A TIME OF WARS AND COMMON TOTALITARIAN PROJECTS

With the advent of the Franco regime in Spain and the beginning of the
Second World War, the German presence in Vitoria changed its propaganda
priorities. Until the end of 1942 Germany seemed unstoppable in Europe,
and its propaganda service concerned itself with building, in its , friendly
countries", a feeling of identity with a European and totalitarian focus.
Germany would be the country to lead that ,Great Continental Europe”,
thanks to its leadership and its technical, technological and military might,
thanks to its status of ,vanguard”. This project, evident from the great
propaganda effort carried out in local publications like Pensamiento Alavés,
lost intensity from mid-1943, after the first great German defeats in the war.

Other elements, such as their shared aversion to Bolshevism, led to
the creation of other ties, such as the Blue Division, and supported the
maintenance of solid relations also from 1943, despite the fact that Francoist
Spain began to look, from 1944 onwards, towards another power renowned
for its opposition to the USSR: the USA.

There is no doubt that Germany tried to become a reference in Spain, and
that in many instances, especially between 1936 and 1942/43, Spain was
interested in having Germany as a reference.

On the basis of this evidence, it was necessary to gauge, beyond the propaganda,
the degree of effectiveness of this intense pro-German activity. Reports by local
political authorities have helped us to play down the impact of this propaganda
on social and identity codes, especially during the development of the Second
World War. In a city like Vitoria, small but very complex and varied in terms
of identities and ideologies, we know that the sentiment was not unanimously
pro-German during the war. On the contrary, and as the reports show, Basque
nationalism and the political left, present in the city despite being persecuted
by the Franco regime, showed their sympathies to the allies clandestinely, and
hoped that a defeat of Germany would return democracy to Spain, ridding it of
Franco. However, Franco’s skilful strategy, redefining Spain’s place in the world
depending on the progress of the war, negated this possibility.

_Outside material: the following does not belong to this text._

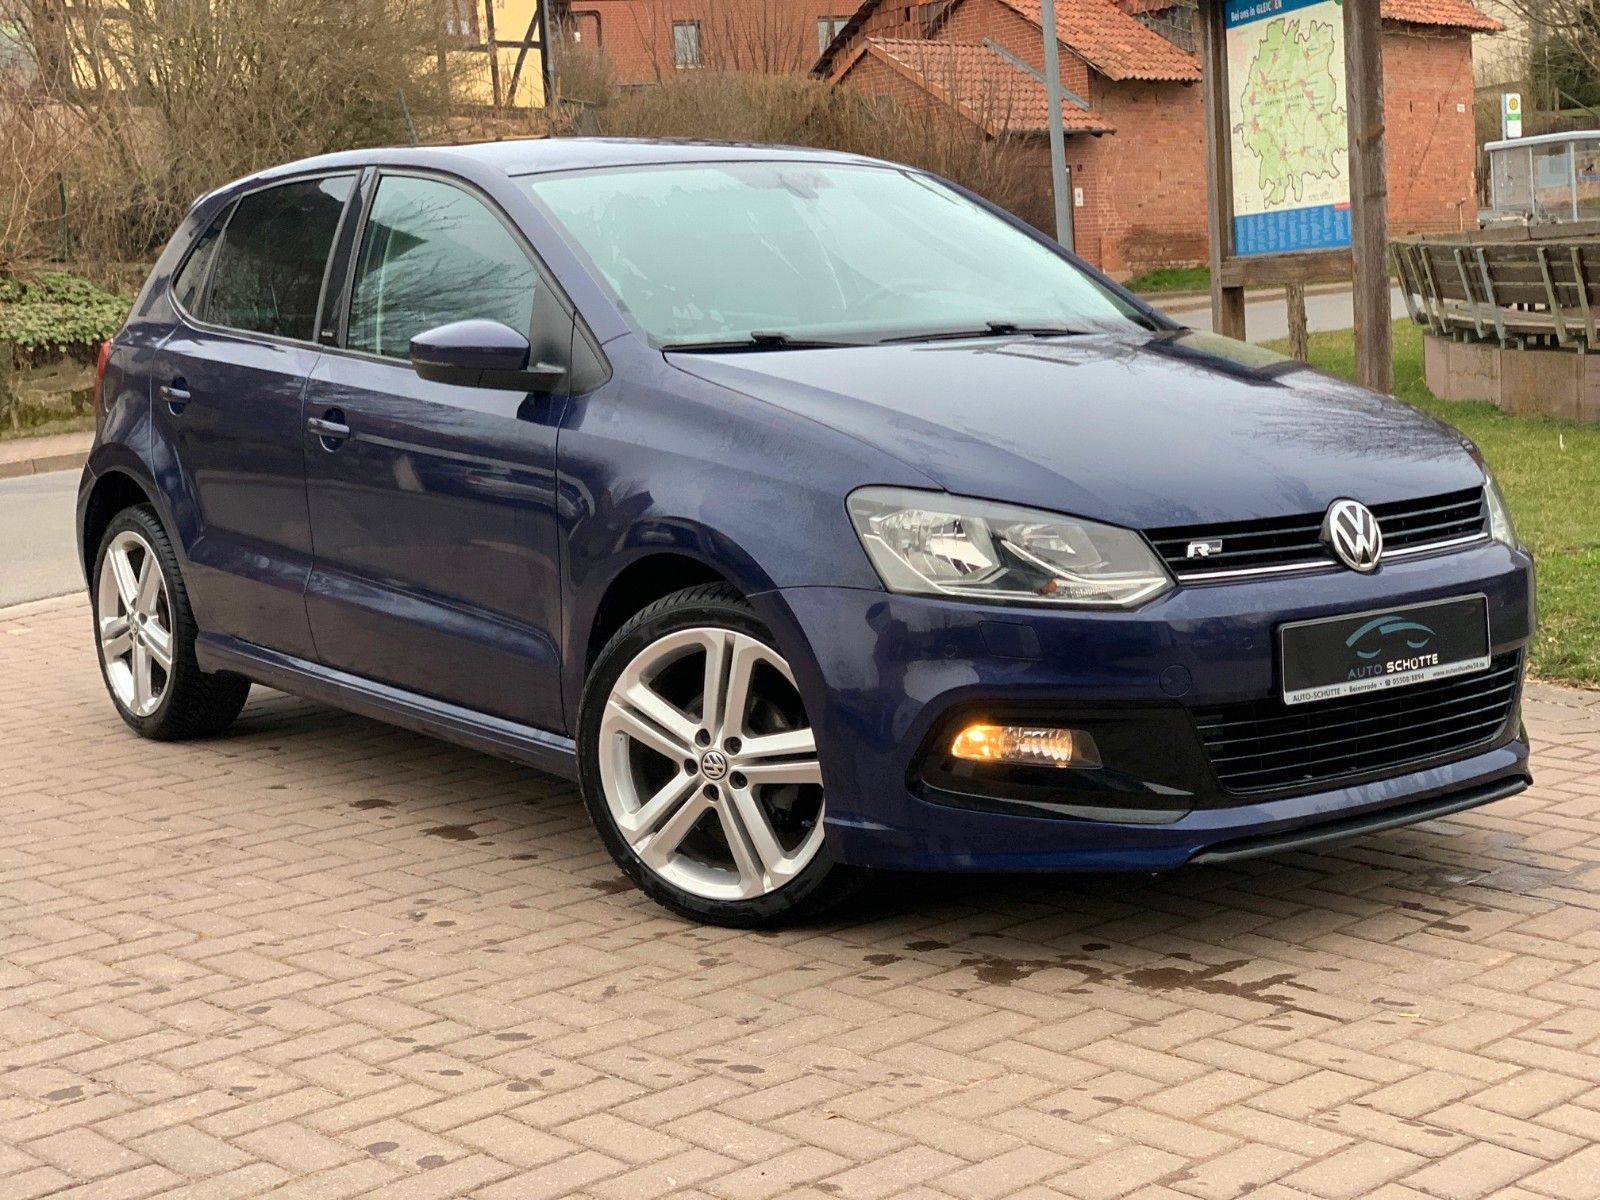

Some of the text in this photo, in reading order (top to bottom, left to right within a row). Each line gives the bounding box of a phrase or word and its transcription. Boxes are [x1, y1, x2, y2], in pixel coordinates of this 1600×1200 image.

This paper is a first approximation to a phenomenon, that of the existence
of a solid and convinced German project which, through military support and
strong propaganda, sought to influence a new sense of identity in Spain, based
on the projection of an idea of Europe governed by Germany and in which
Spain, and Spaniards, had to make an effort to fit in.

Through our approach, focused ona small city that is complex yet eminently
conservative and with strong identity traits, the effectiveness of this attempt
is played down. However, at the same time, it opens up a path for research
that is as rich as it is little explored: that of the variables of the scope, the
impact and the different contextual determinants that, beyond the narrow
geographic limits of our “micro” study, this German propaganda effort had
not only in Spain, but also in Europe andperhaps even beyond.